- DATA FOR REVIEW:
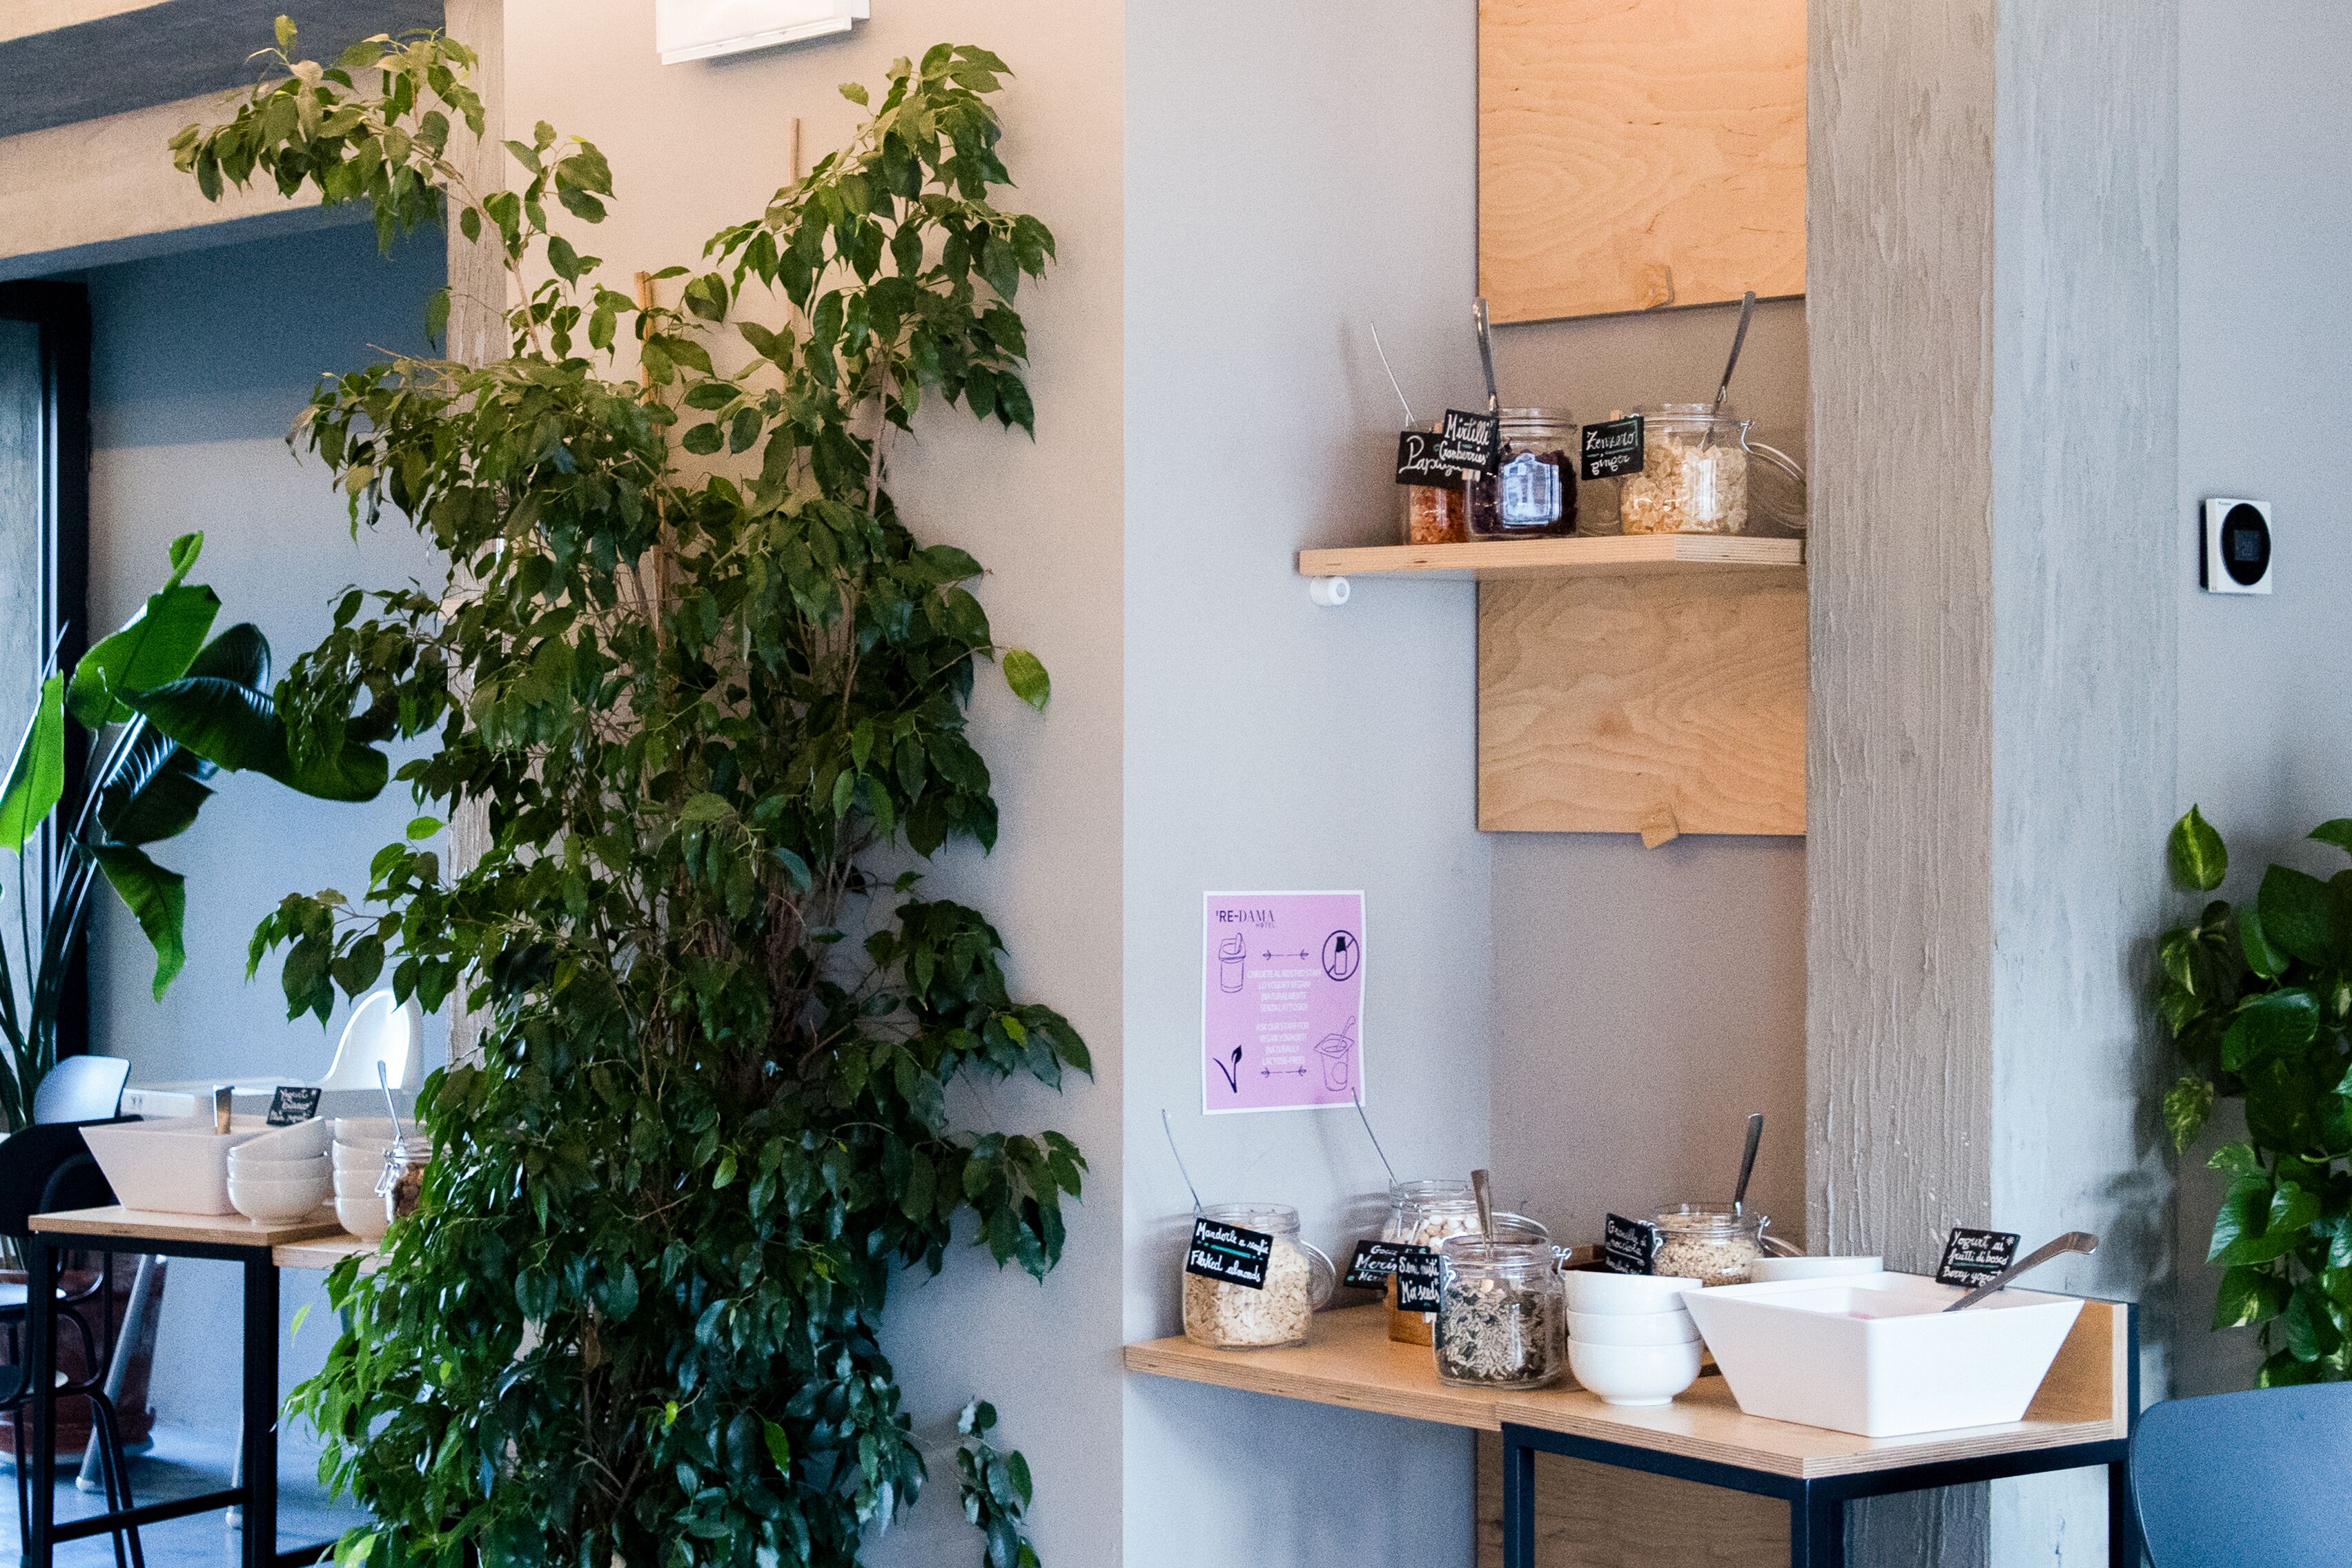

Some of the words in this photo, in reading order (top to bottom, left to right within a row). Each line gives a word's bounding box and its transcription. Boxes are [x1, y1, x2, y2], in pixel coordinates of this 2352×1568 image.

[1444, 414, 1489, 445] Mirtilli
[1586, 431, 1636, 450] Zenzero
[1439, 440, 1487, 465] Cranberries
[1590, 453, 1629, 476] ginger
[1195, 1222, 1237, 1244] Mandorle
[1951, 1231, 1992, 1249] Yogurt
[1991, 1237, 2005, 1251] ai
[1948, 1248, 1975, 1264] frutti
[1976, 1251, 1986, 1262] di
[1986, 1251, 2009, 1265] bosco
[1225, 1260, 1261, 1282] almonds
[1943, 1266, 1970, 1282] Berry
[1402, 1280, 1416, 1304] Mix
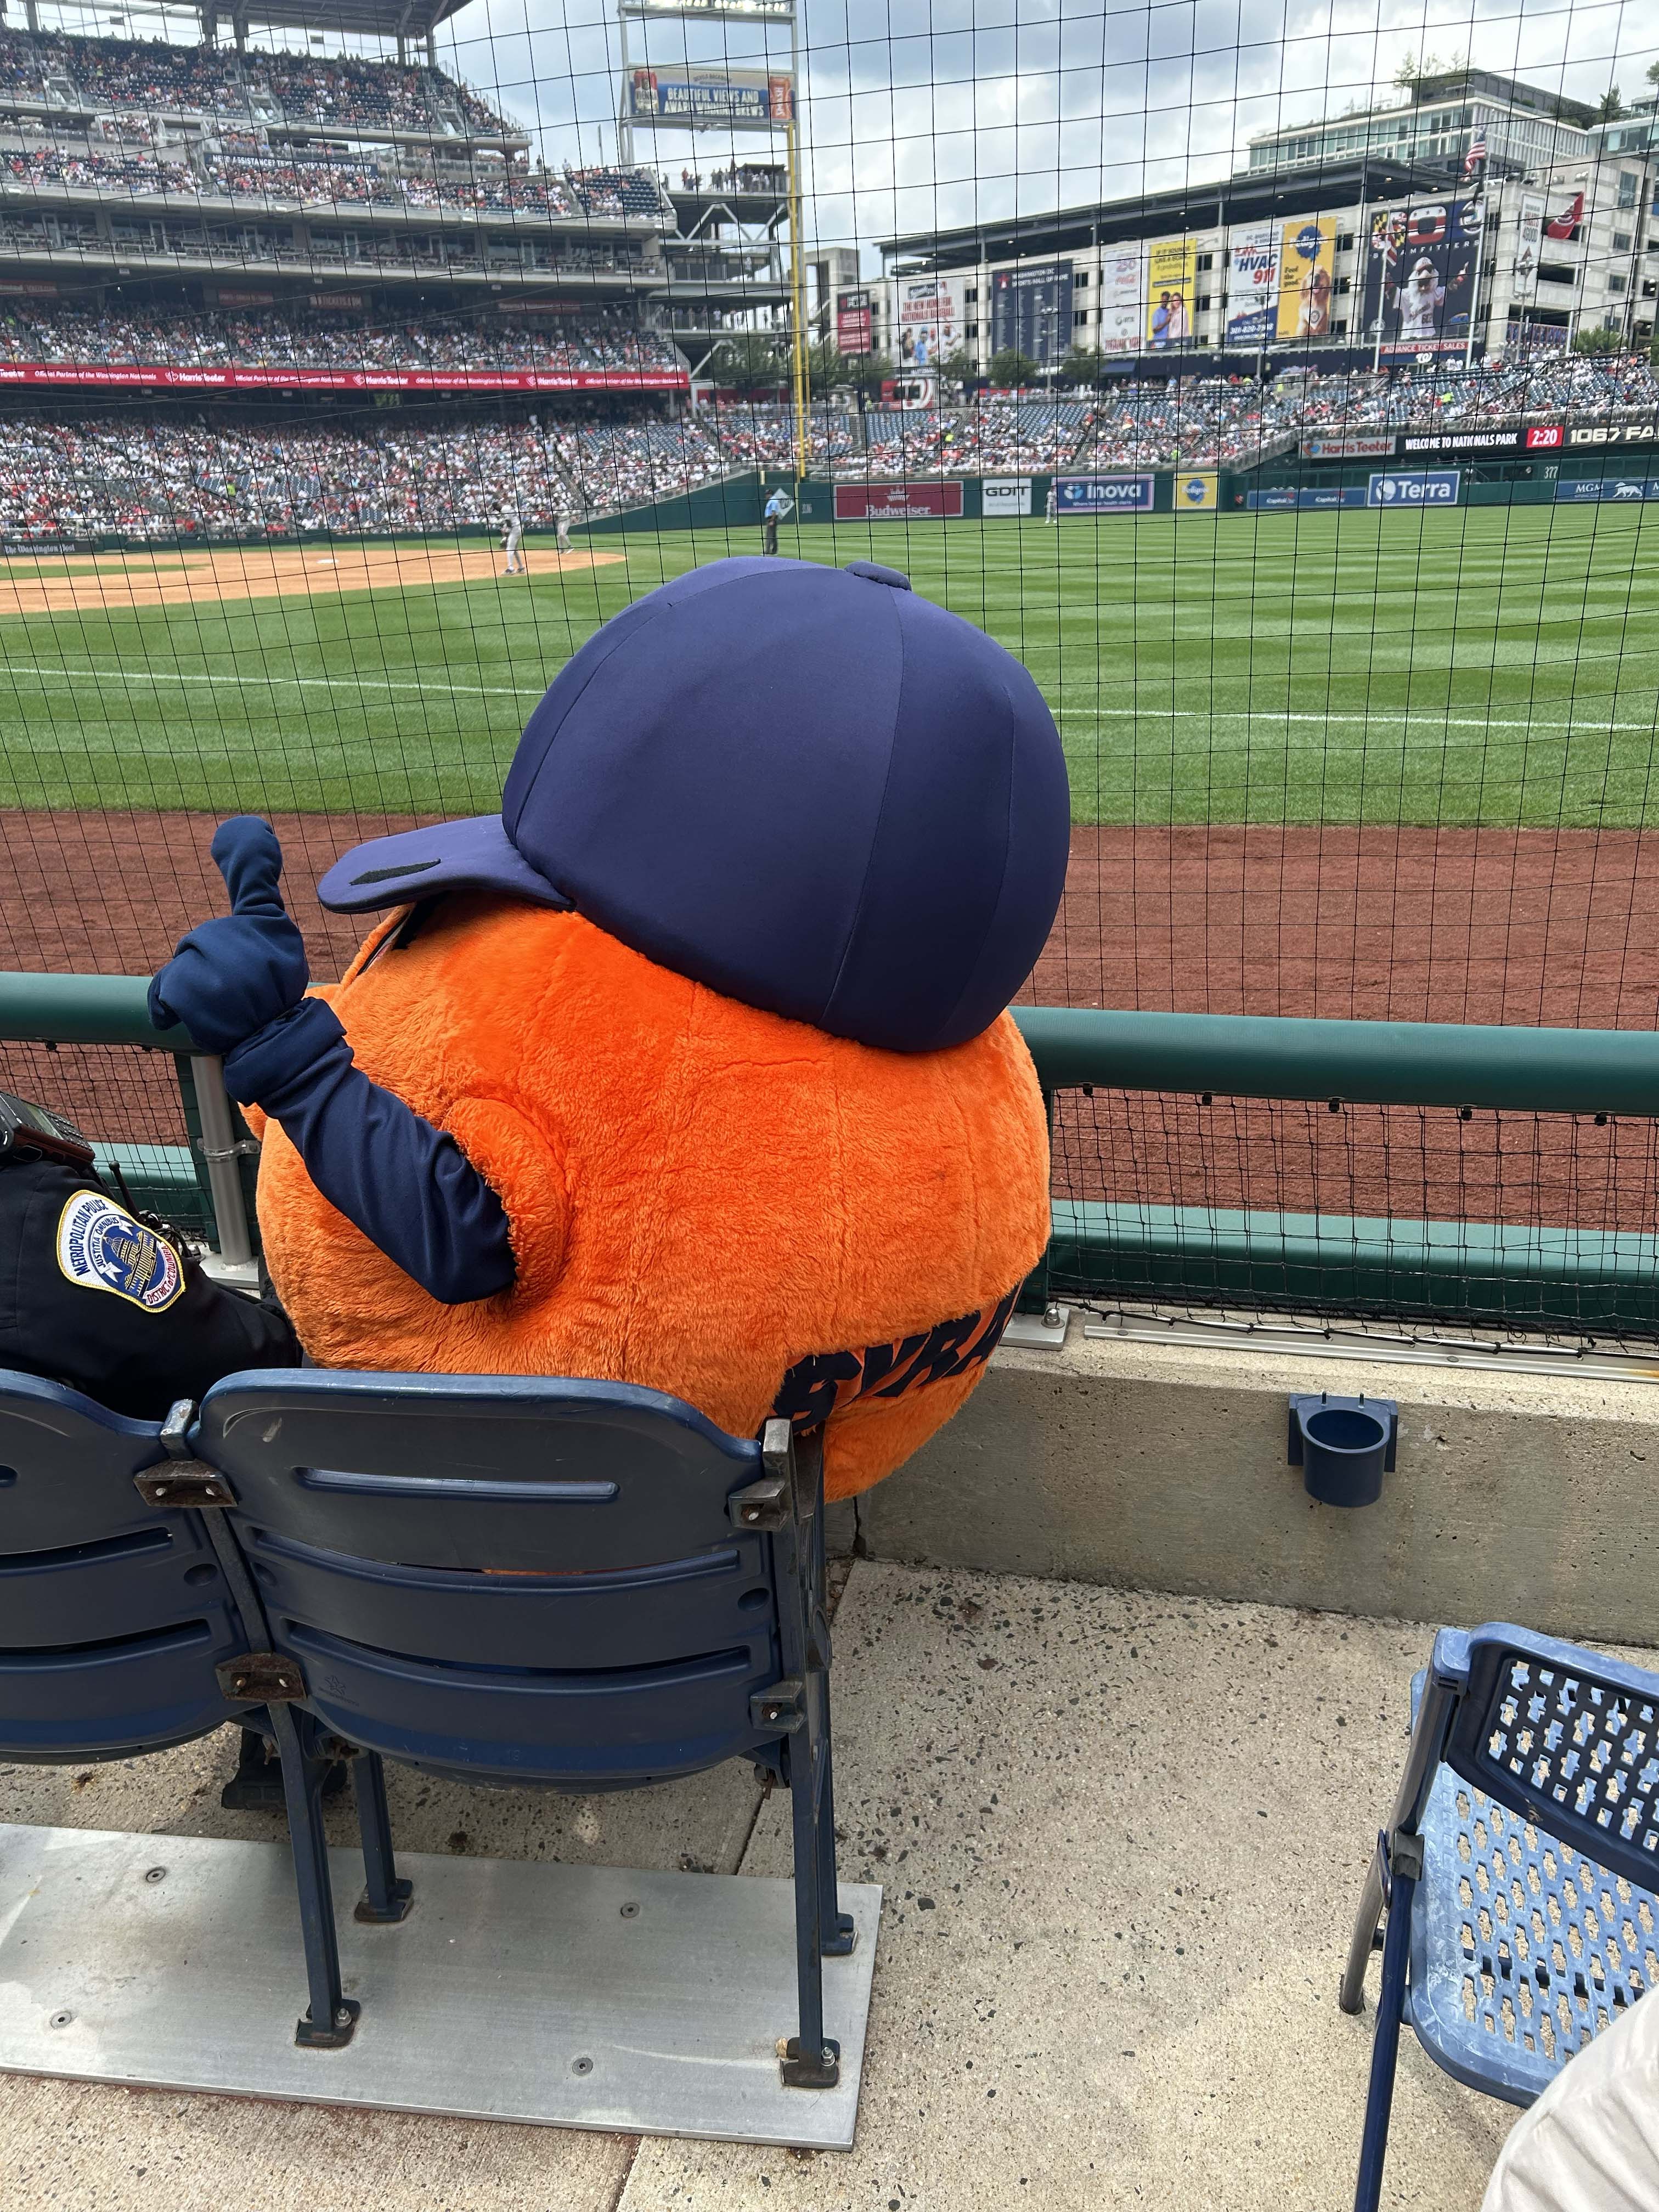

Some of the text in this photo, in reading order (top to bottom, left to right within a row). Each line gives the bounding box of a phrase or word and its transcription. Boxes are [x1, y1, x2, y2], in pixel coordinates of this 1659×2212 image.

- DIRECTIONS:
Please retype every record exactly, leaving the pictures out.

- WRITTEN SOLUTION:
Some of the words in this photo, in reading order (top to bottom, left to right within a row). Each line gives a word's bounding box and its transcription. Boxes are [x1, y1, x2, y2], in pixel coordinates of this 2352×1568 image.

[1444, 414, 1489, 445] Mirtilli
[1586, 431, 1636, 450] Zenzero
[1439, 440, 1487, 465] Cranberries
[1590, 453, 1629, 476] ginger
[1195, 1222, 1237, 1244] Mandorle
[1951, 1231, 1992, 1249] Yogurt
[1991, 1237, 2005, 1251] ai
[1948, 1248, 1975, 1264] frutti
[1976, 1251, 1986, 1262] di
[1986, 1251, 2009, 1265] bosco
[1225, 1260, 1261, 1282] almonds
[1943, 1266, 1970, 1282] Berry
[1402, 1280, 1416, 1304] Mix

Some of the text in this photo, in reading order (top to bottom, left to right within a row). Each line gives the bounding box of a phrase or word and its transcription. Boxes are [x1, y1, x2, y2], in pixel coordinates of this 1659×2212 image.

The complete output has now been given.